So as I stood in our back room reading through the list, if I got it wrong there would always be a right hand in the kisser waiting for me when I got back so I read it out to her to make sure I knew what I was getting myself in for. I scanned the list hoping to **** that there wouldn’t be a stone of spuds on the list. Carrying down a heap of messages which included a stone of potatoes would leave you feeling like an orangutan by the time you got home.
As I was reading it out ….bread, milk, sugar, butter, Napisan….
“Napisan, me ****in bollix, I’m not getting you ****in Napisan.”

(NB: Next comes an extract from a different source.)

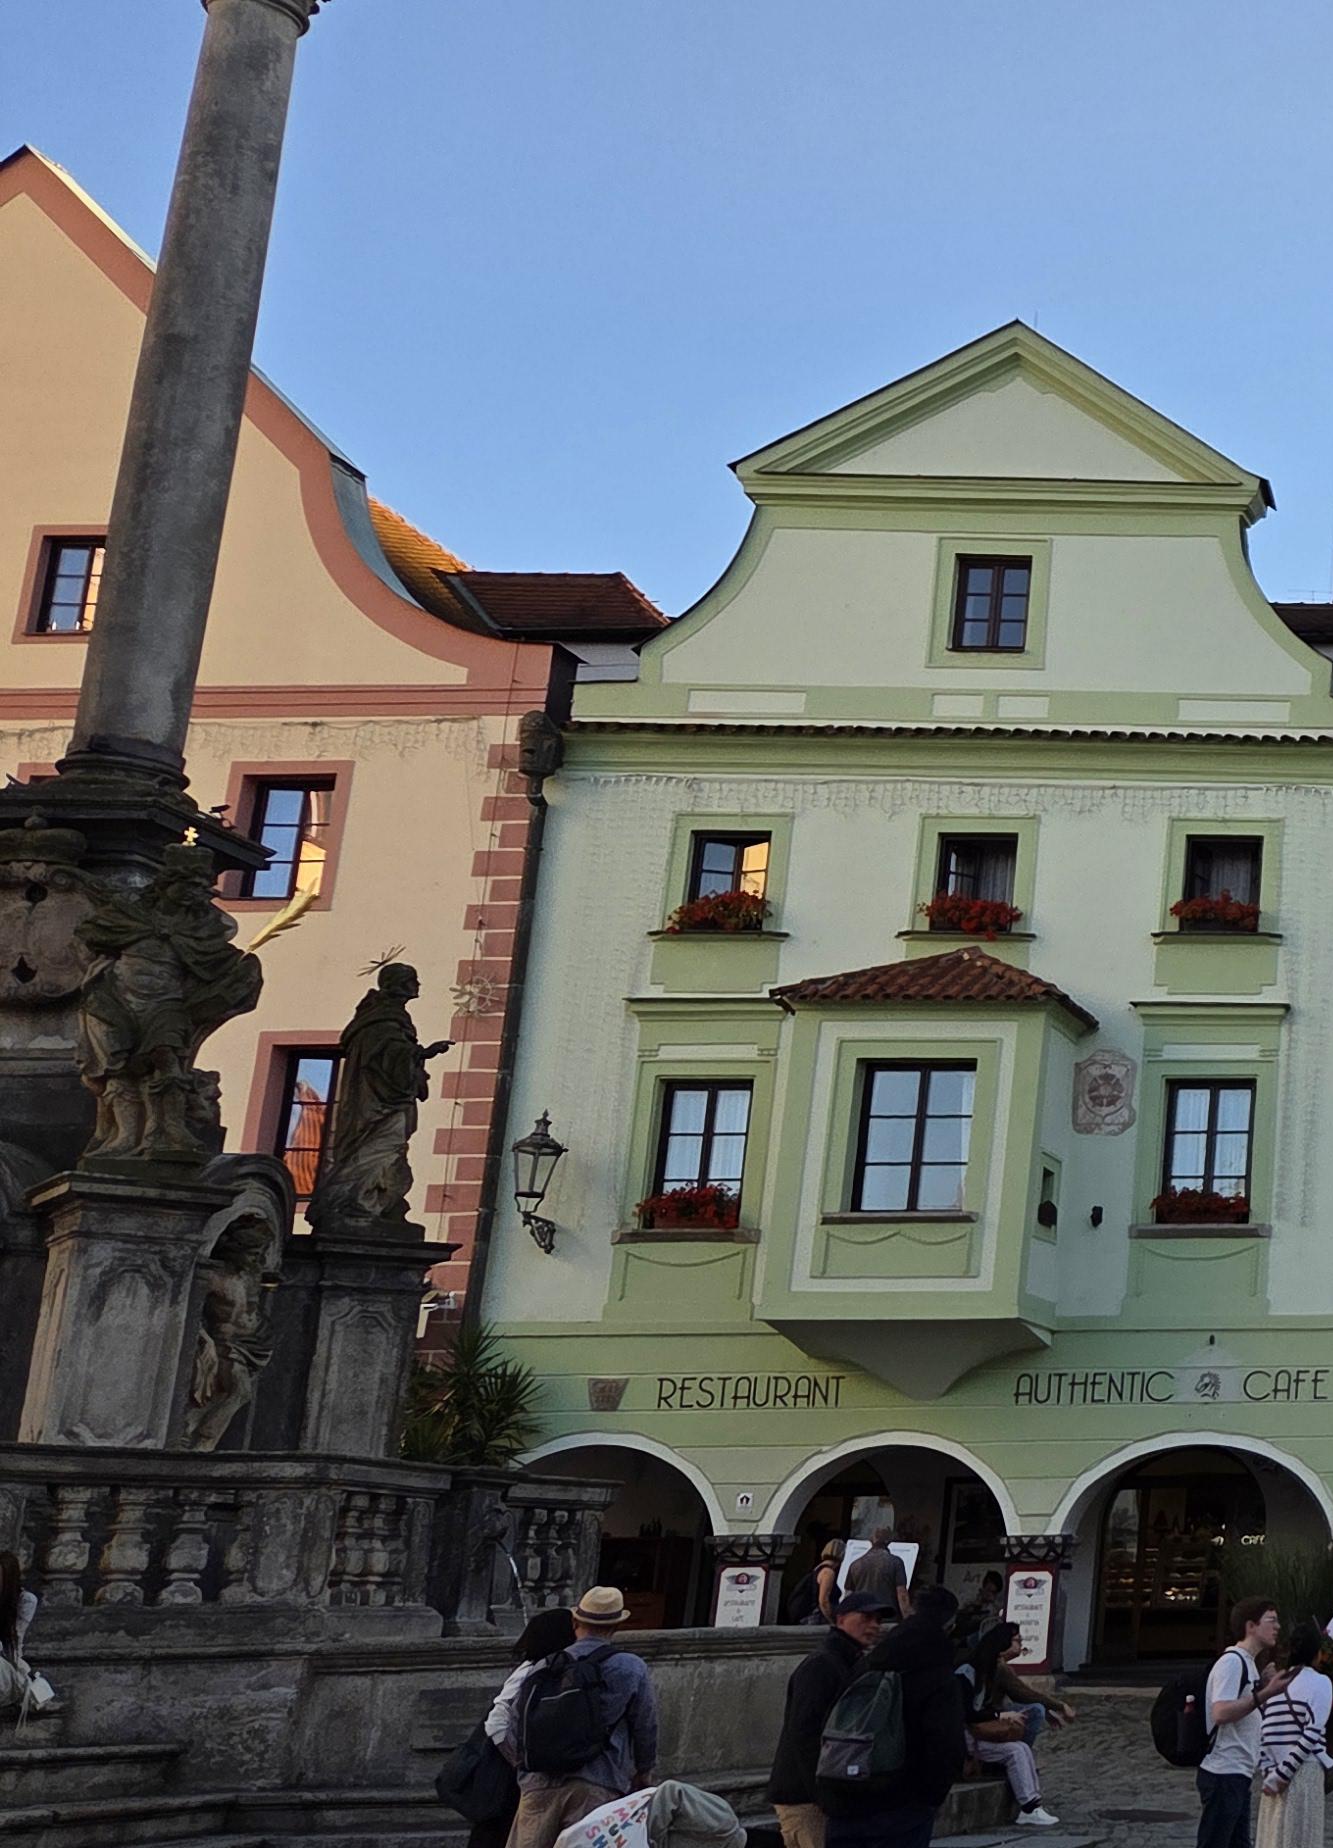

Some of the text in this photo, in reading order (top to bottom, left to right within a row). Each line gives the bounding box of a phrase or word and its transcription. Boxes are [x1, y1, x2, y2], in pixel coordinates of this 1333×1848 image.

[656, 1375, 846, 1409] RESTAURANT
[1013, 1369, 1331, 1406] AUTHENTIC CAFE

I didn’t know what they were but I reckoned they must have been small nappies, so therefore must be women’s sanitary towels. We had so many names for them when we growing up, (Crash mats, Man hole covers, jam rags, maxi pads, and even cigars) I hadn’t heard the name Napisan before but was certain it must mean jam-rags, and it was bang out of order for me to be sent up for them, as that was “women’s business”; Napisan as it turns out is actually for starching shirt collars, something I was blissfully unaware of till I was in my mid-twenties. When I found out I nearly died from the bout of laughter which ensued.
My mother waved a fist at me in a threatening way at which point I skedaddled up the road before she followed through with her threat to “slit your throat in six places”.

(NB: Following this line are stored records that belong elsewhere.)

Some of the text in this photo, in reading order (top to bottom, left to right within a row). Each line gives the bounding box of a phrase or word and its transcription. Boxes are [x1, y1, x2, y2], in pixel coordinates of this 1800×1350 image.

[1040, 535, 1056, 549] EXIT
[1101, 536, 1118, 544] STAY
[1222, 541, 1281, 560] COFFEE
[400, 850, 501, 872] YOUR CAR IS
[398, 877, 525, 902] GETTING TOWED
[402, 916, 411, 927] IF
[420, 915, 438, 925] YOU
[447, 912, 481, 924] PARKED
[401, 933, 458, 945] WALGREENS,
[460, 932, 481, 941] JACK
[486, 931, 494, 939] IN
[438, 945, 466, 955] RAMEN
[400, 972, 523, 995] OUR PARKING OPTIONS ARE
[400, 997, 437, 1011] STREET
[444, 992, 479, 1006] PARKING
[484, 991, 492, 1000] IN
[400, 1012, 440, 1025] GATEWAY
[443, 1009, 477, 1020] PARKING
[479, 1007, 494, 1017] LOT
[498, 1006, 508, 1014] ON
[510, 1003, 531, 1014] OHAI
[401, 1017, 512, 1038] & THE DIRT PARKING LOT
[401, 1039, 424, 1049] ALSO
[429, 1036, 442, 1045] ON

There were two routes to the village from our house in Castle Park, one via watery lane and the other through Castle Park. I would always walk up via Castle Park and come back down the watery lane to avoid meeting anyone who’d see me dragging all the bags of shopping behind me.
I got to the Ledwidges still none the wiser that Napisan was for shirt collars and went about putting all the grocery items on the list in the basket, taking time to do several drive-through runs at the isle where the crash mats were stored. I was desperately hoping to see Napisan, and I was in my hole getting into a conversation with anyone who worked in the shop centered around “Scuse me, do you have Napisan”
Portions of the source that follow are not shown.